The preferred method of highway operation in Thailand goes something like this: Drive at 90-110mph until you reach a cluster of trucks, then wait patiently for them to move over, then floor it to the kickdown and drive to the next group. Somewhat embarrassingly, the C43 proved unable in these circumstances to keep up with the Volvo S90 T8 Twin Engine that I also drove over these roads. The idea that an AMG-labeled Benz can’t keep up with a Volvo? Not good.

When the road began to curve, however, the C43 made up the gap and then some. This is a rock-solid platform for high-speed cornering, offering linear turn-in and a reasonable amount of feedback from the 19-inch wheels. Default behavior is to push the nose, as is the case with pretty much every other Mercedes sedan in history, but unlike many of its predecessors this AMG doesn’t tighten the line with throttle. So you increase the pace until the nose starts to slide and then you’re not going to do any more. Which is fine.

This was a right-hand-drive car, which pointed up the relatively tight space between steering wheel and door panel for me. It’s funny how I didn’t notice this issue in the LHD variants. There must be something in my brain that re-evaluates driver fit when I’m sitting on the “wrong” side of the car. Or Mercedes-Benz has moved the wheel over a bit. I doubt that. Thirty years ago it was common for RHD cars to have wonky wheel positioning but surely the Benz-Borg now engineers them to be separate but equal.

The Burmester sound system is serviceable but no more; the Revel Ultima setup in a Lincoln Continental would shame it. Come to think of it, there isn’t much that a Continental doesn’t do better than a C43. It’s just as fast in a straight line, no less confidence-inspiring in corners. It offers more space, more features, and better materials inside. The rear seat is a joy, whereas the rear seat in a C43 is a bit of a punishment. If the two cars cost the same, which they do not when comparably equipped, you’d be silly to get the Benz. Why would you? Because it’s a “pure” rear-drive platform? What difference does that make when everybody forces their performance sedans to take a heavy dose of ZZZ-Quil in the form of an overactive AWD system?

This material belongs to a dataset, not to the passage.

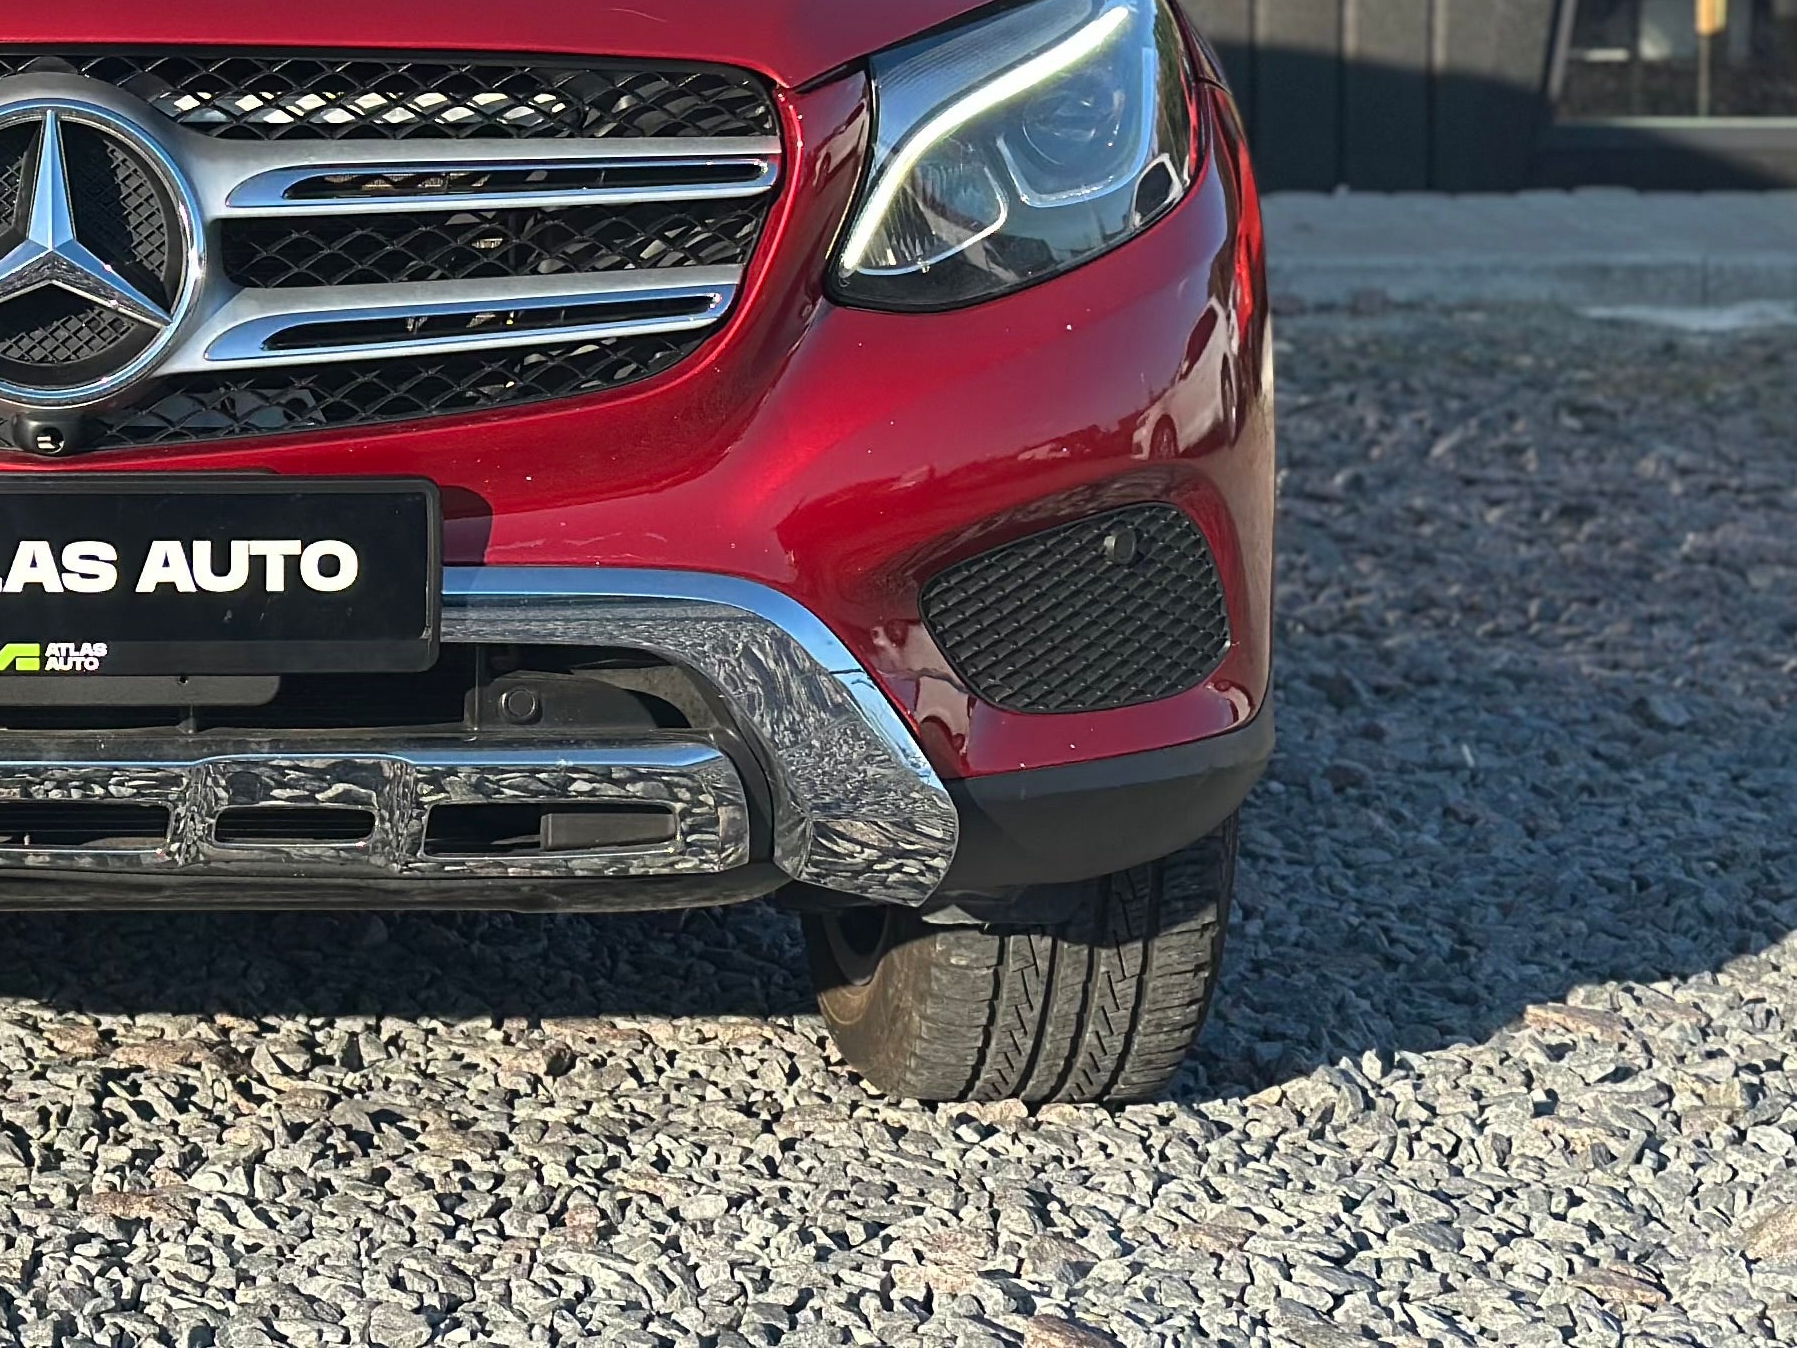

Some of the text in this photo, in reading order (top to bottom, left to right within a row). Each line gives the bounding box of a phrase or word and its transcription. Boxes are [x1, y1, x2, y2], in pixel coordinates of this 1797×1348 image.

[136, 540, 358, 592] AUTO
[45, 643, 107, 657] ATLAS
[45, 657, 99, 670] AUTO

It’s unpleasant to say so, but this car really has no business being labeled as an AMG anything. A simple ‘C450 4Matic’ badge would describe it nicely without writing checks the powertrain and suspension are unwilling to cash. The C63 which sits above it in the lineup isn’t exactly an inspiration to the enthusiast driver but it does carry on the tradition of putting a big(ish) engine in a small(ish) sedan. This C43, by contrast, is simply a competitor for the better-trimmed compact entry-luxury offerings from the other Germans. I’d rather save 14 grand and take a C300, which feels more comfortable in its own skin. Or I’d spend the extra money and get the big engine just to have that freeway head rush.

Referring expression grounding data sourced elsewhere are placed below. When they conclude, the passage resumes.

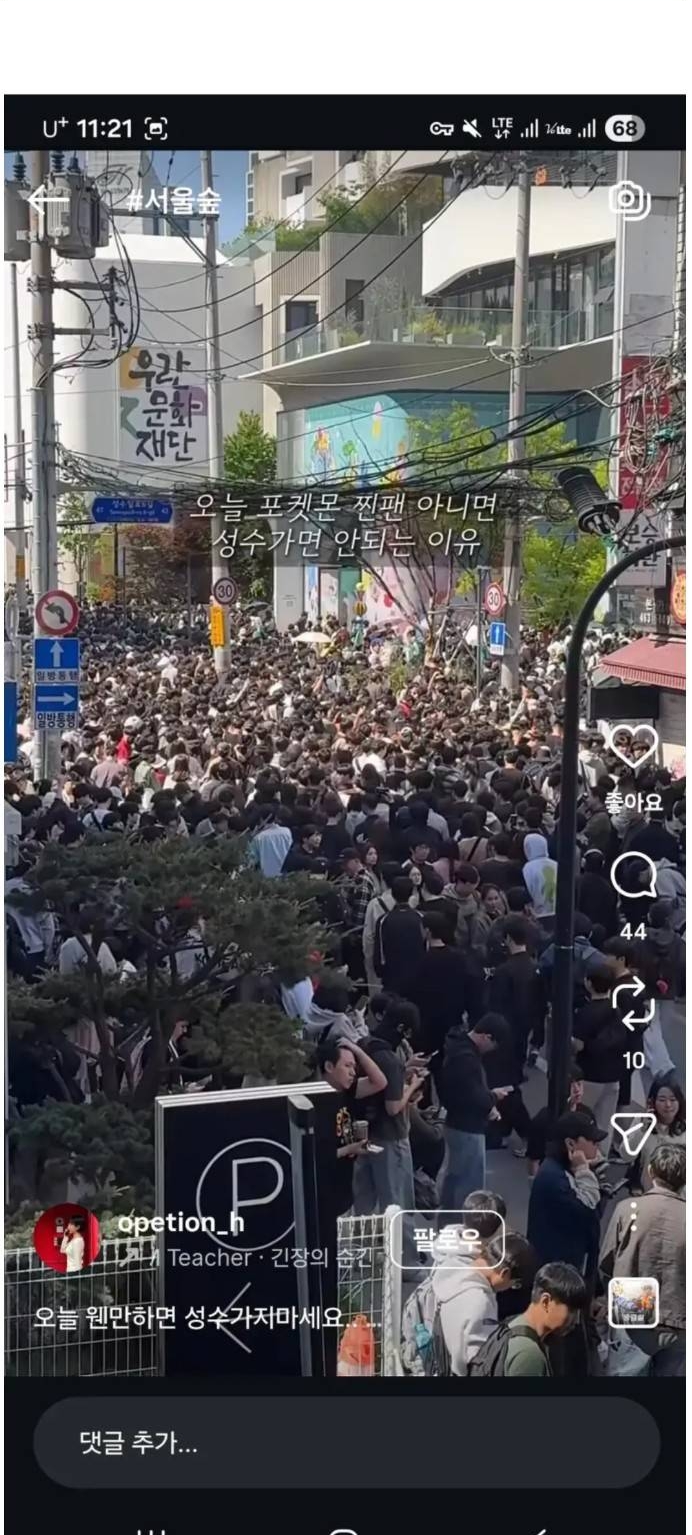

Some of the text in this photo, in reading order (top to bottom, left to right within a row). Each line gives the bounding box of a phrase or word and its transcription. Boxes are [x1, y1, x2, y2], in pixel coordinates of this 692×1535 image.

[129, 350, 192, 392] 우란
[143, 390, 200, 428] 문화
[136, 429, 197, 461] 재단
[218, 584, 232, 598] 30
[487, 591, 499, 604] 30
[37, 713, 76, 728] 일방통행

There’s nothing wrong with the C43 AMG. The problem is that there’s also nothing that would motivate a potential owner to make personal sacrifices or work longer hours to buy one. Eight years ago, shortly after I began my career here at TTAC, Mercedes-Benz changed its slogan to the evocative “The Best Or Nothing.” That’s not reflected in the C43. Don’t get me wrong; it’s not nothing. Nor, however, is it the best. Thanks for reading. I’ll see you around.